You’ll notice that “organizing books” is not included in Paul’s list of charisms/gifts of the Spirit. But it should be. Think about all of the talents necessary for book organization that are transferrable to the life of the spirit:

  • Take up and read. In the fifth century, Augustine began the path from sex addicted profligate, pear thief, and disappointment to his mother toward becoming Saint Augustine when he overheard a child chanting “take up and read” (for some unknown reason). Augustine started reading scripture, got his shit together, and began his inexorable march toward the Christian Dudes Hall of Fame. My charism begins with recognizing that books change lives.
  • Improved memory. I have a general organizational strategy, but nothing precise and certainly nothing written down. But if I’m looking for a book that I haven’t touched in months, I can find it within 30 seconds 99% of the time. My book organization apparently mirrors the organization of my brain—which is either praiseworthy or scary. It does make me wonder why it makes sense to me for Barbara Kingsolver and Charles Dickens to share the same shelf. But it does.
  • Adaptability and creativity. None of the shelves in either of the bookcases in the library room are adjustable. This means that I have to adapt the book organization to a fixed framework, not the other way around. Just like the life of faith—it is extraordinarily flexible but does have parameters. I used to enjoy letting some books lean while others stood up straight and others rested on their side. No more—there isn’t space for leaning any more. Either be vertical or horizontal—take your pick. But within the defining parameters of both book organization and faith, the possibilities are endless. I know what the book organizing parameters are. The parameters of faith? Not so much.
  • The sacredness of physicality. Every book I own could be loaded onto a Kindle or some similar contraption, which would organize my reading material for me and produce what I want at a moment’s notice, just as Spotify does with my music and podcasts. Not doing it. Books are sacred objects—their physical properties (weight, stiffness of pages, smell) are part of what make them sacred. “Books are sacred??” you ask. “That’s going a bit far.” Not if book organization is your charism.

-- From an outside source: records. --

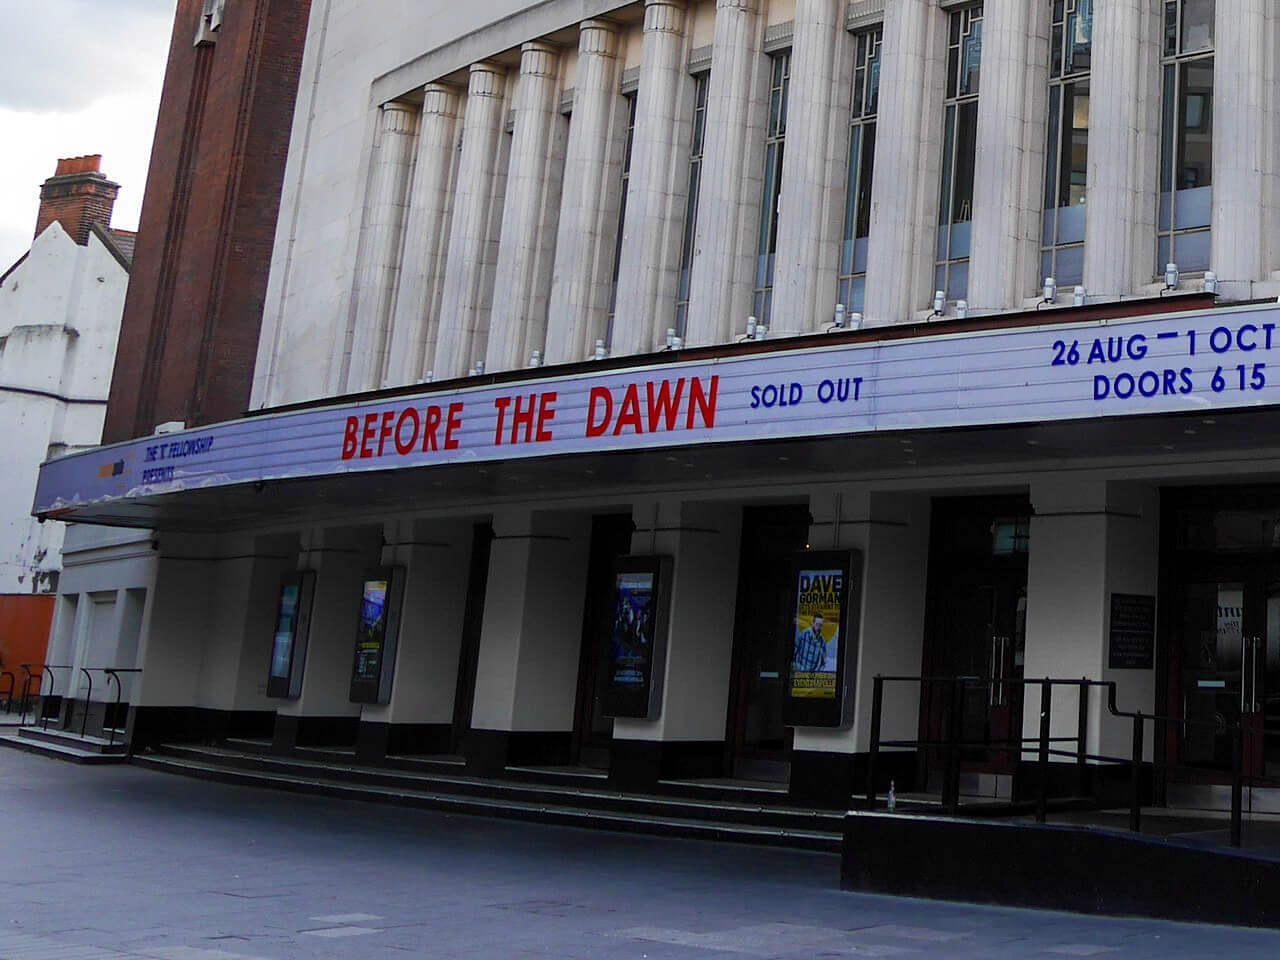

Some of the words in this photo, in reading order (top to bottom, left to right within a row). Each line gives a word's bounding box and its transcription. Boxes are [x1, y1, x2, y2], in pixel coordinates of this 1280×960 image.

[1051, 340, 1080, 366] 26
[1087, 333, 1148, 364] AUG
[1187, 330, 1195, 355] 1
[1210, 323, 1275, 353] OCT
[750, 382, 803, 409] SOLD
[818, 377, 863, 403] OUT
[1093, 367, 1193, 400] DOORS
[341, 402, 463, 460] BEFORE
[494, 391, 557, 446] THE
[586, 375, 719, 438] DAWN
[800, 575, 843, 592] DAVE
[800, 592, 841, 604] GORMAN
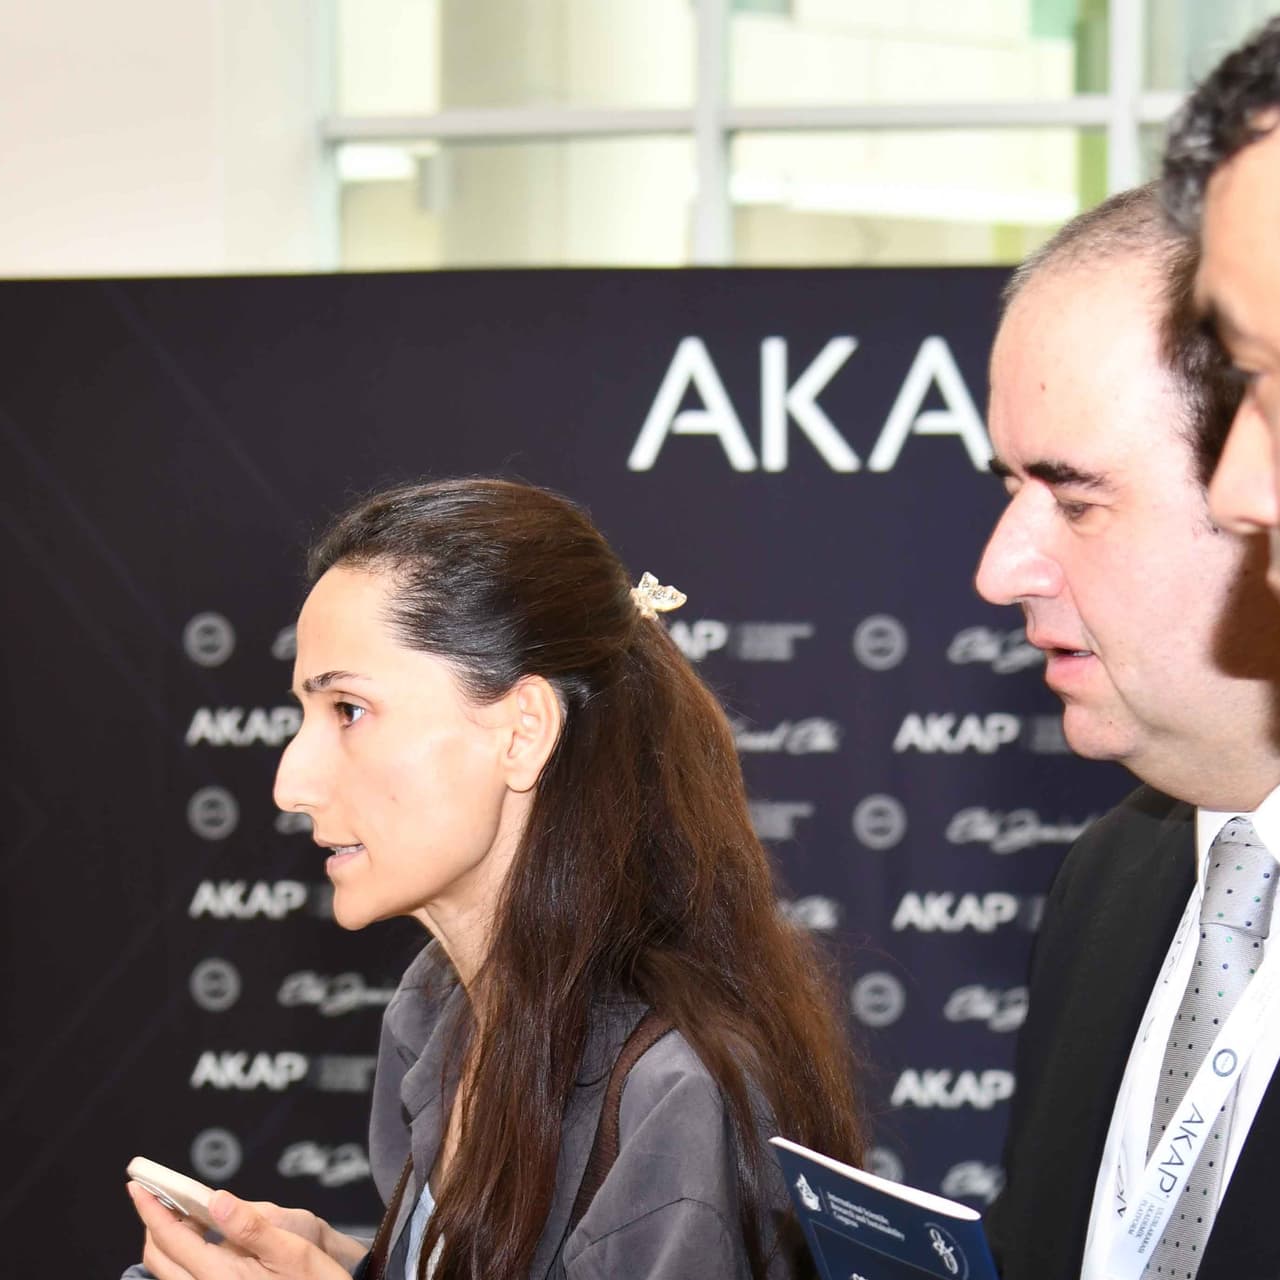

You like reading everything on a screen? Go for it. I read all student submissions, the headlines and opinion pages from two different papers every morning (guess which ones), and academic articles on a screen. But when it comes to real reading, the tactile physical experience is foundational. The difference between reading a book on a Kindle and reading it with the real thing in your hands is similar to the difference between teaching a class on Zoom and teaching in person. It’s the difference that Job is describing when, after God blows him out of the water following many chapters of silence, Job says “I have heard of you by the hearing of the ear, but now my eyes see you.” There’s nothing like the real thing.